Figures A to 15-F, 15-H, 15-I and 15-
FIG. K is an explanatory view showing the image conversion control, FIG. 15-G is an operation time chart, FIG. 15-J and FIG. 15-L are control flow charts by image editing, FIG. 16 and FIG. 19th
Fig. 17 is an example of image conversion, Fig. 17-1 is an explanatory diagram of coordinate recognition, Fig. 17-2 is a circuit diagram of coordinate recognition, and Figs. 17-3 to 17
FIG. 6 is a control flow chart by recognition, FIGS. 18-1 and 20-1 are explanatory views of another example of image conversion, and FIG.
Fig. 20 and Fig. 20-2 are the flow charts. In the figure, A is a reader unit and B is a printer unit.

 ─────────────────────────────────────────────────── ─── Continued front page (72) Inventor Nao Nagashima 3-30-2 Shimomaruko, Ota-ku, Tokyo Canon Inc. (72) Shinobu Arimoto 3-30-2 Shimomaruko, Ota-ku, Tokyo Kya Non-Incorporated (72) Inventor Yoshiyuki Suzuki 3-30-2 Shimomaruko, Ota-ku, Tokyo Canon Incorporated (56) Reference JP-A-59-74774 (JP, A) JP-A-57-53769 ( JP, A)

Claims (1)

[Claims] 1. A document table on which a book document in a spread state is placed, scanning means for scanning the book document placed on the document table, and the document table including the document scanned by the scanning means.
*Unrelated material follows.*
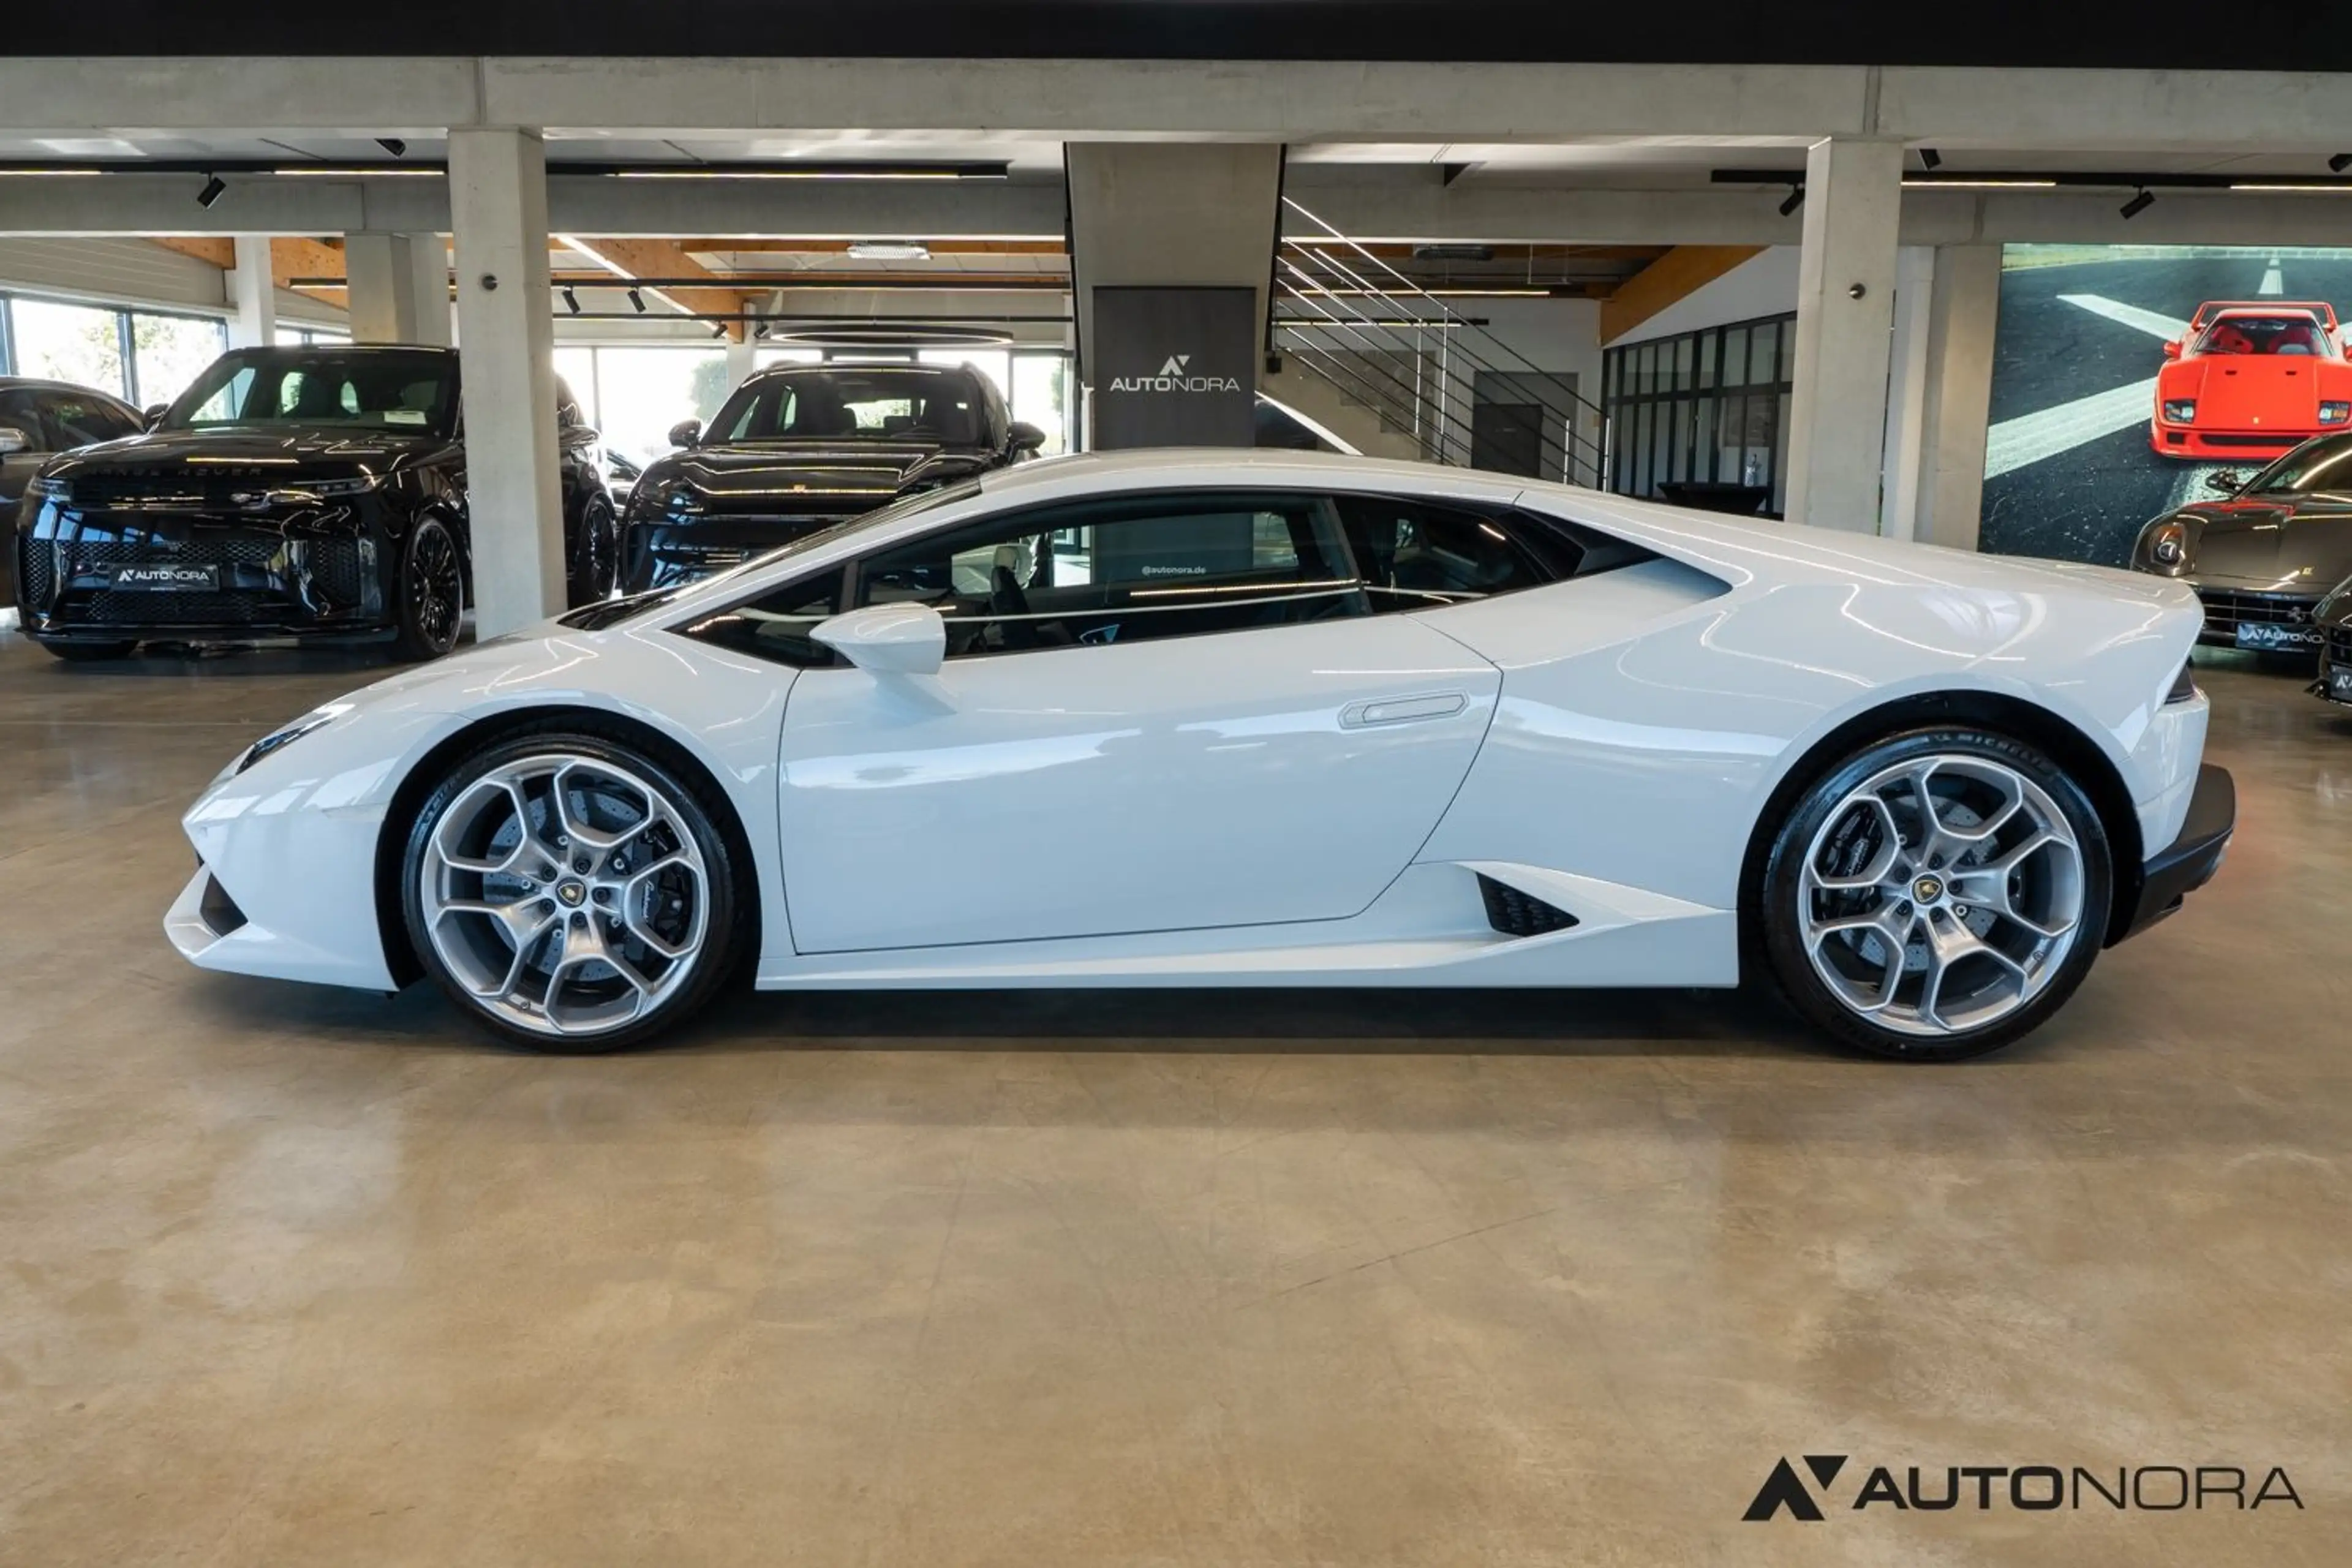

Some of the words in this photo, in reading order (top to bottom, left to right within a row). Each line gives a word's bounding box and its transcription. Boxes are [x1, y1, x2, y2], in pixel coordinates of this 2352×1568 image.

[1110, 377, 1241, 391] AUTONORA
[135, 571, 209, 581] AUTONORA
[1142, 565, 1207, 576] @autonora.de
[2263, 629, 2325, 643] AUTONO
Reading means for reading an image of the book and outputting an image signal; setting means for setting a book mode for scanning the right page and the left page of a book document placed on the document table by the scanning means; and the reading means. Detecting means for detecting the positions of the leading edge and the trailing edge of the book document on the document table in the document scanning direction of the scanning means based on the image signal output from the scanning means; and the book mode set by the setting means. In the meantime, the center position of the book document is determined according to the positions of the leading edge and the trailing edge of the book document detected by the detecting means, and the right side by the scanning means is determined. Image and a left page scanning position are respectively determined, and a control unit that controls the scanning device according to the right page scanning position and the left page scanning position determined by the determination device. Processing equipment.